By far my favourite signing is that of Gabriel Jesus, the player I have been trying to figure out ever since he stepped foot on English soil back in January 2017. At first he looked a poacher with great footwork, but after more time spent watching him I saw a character, who works tirelessly without the ball and always has the cogs in his brain turning when he possesses it. Jesus started to strike me as a player who needed more, he was hungry but he always had to share his food with Sergio Aguero, and later to Guardiola’s systems which had little to no room for him. In the 2019/20 season is where I began to see a player who was capable of far much more than I ever thought. A forward trusted and capable of playing in any game, as well as being able to contribute in any position in a front three.

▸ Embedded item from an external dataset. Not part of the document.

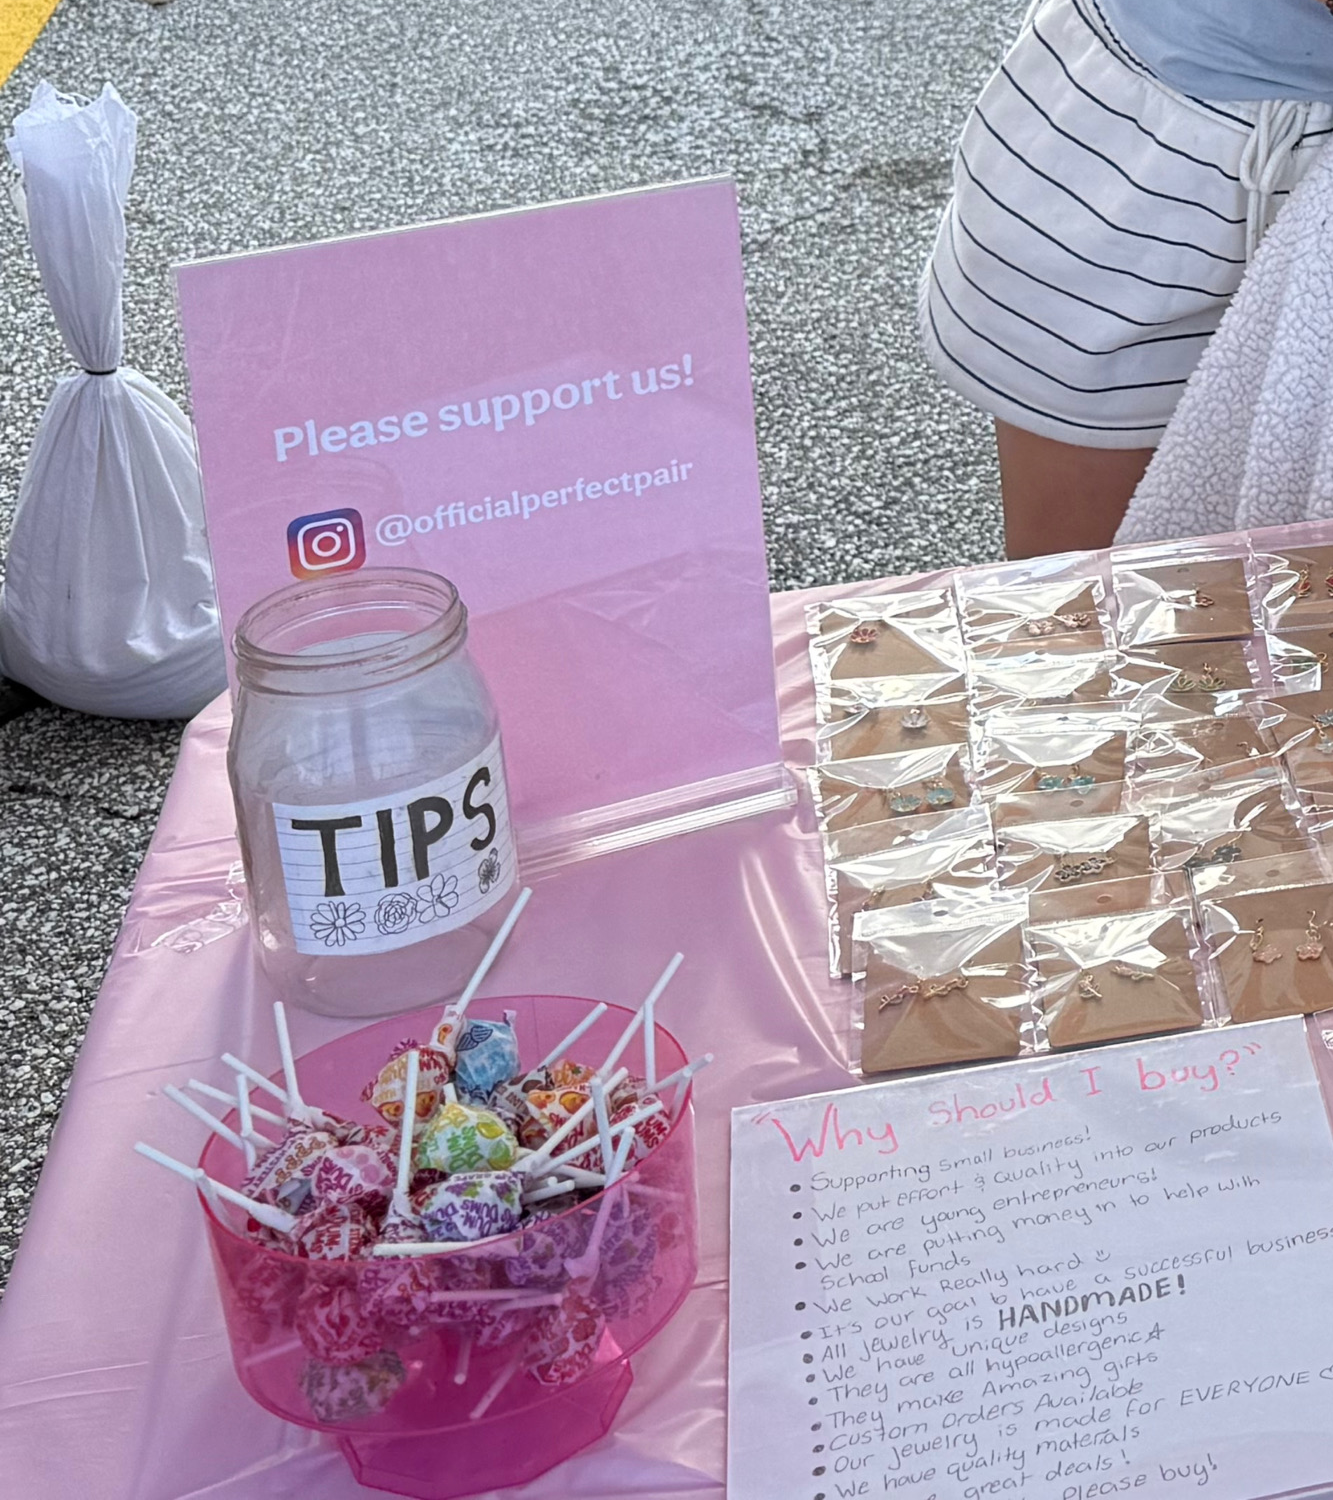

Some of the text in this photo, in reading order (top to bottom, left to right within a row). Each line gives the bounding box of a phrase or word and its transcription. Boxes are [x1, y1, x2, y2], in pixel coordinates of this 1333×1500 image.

Jesus dropped some special performances during this time, against Real Madrid in both legs of a Champions League tie for example. Once again a couple of years later, Pep rolled the dice and made Jesus his main man, where he was stunning whenever he was given the chance, scoring what felt like a goal per game with confidence flowing. Jesus’s ability to rise for the big occasion and be integral in big games, paired with his pre-season so far has shown me that I think he simply needed more responsibility, a responsibility he will be awarded with at Arsenal. Be excited, Jesus is going to raise the level of our football in every conceivable way, and without disrespecting Alexandre Lacazette, the fact that we have moved on from him naturally was bound to improve us, his immobile, physically weak, non shot creating style robbed us of many moments where we could have scored last season – I don’t see these same opportunities being squandered now!
Zinchenko’s addition to the squad and the profile it brings has been long overdue. Arsenal’s fullback pairing of Takehiro Tomiyasu and Kieran Tierney are top quality players who’s dynamics combine to form a great partnership, the issue has been the pairs infrequent availability due to injuries. Zinchenko provides a world class option at LB, as well as in many roles through midfield. The Ukrainian is another player to increase the technical level of the squad, and his intelligence, experience and leadership at just 25 is almost unheard of. Zinchenko offers an overlapping option if needs be (to compliment Tomiyasu) or the ability to tuck in to midfield or even CB in a build up, allowing a RB in the profile of Cedric the license to get forward.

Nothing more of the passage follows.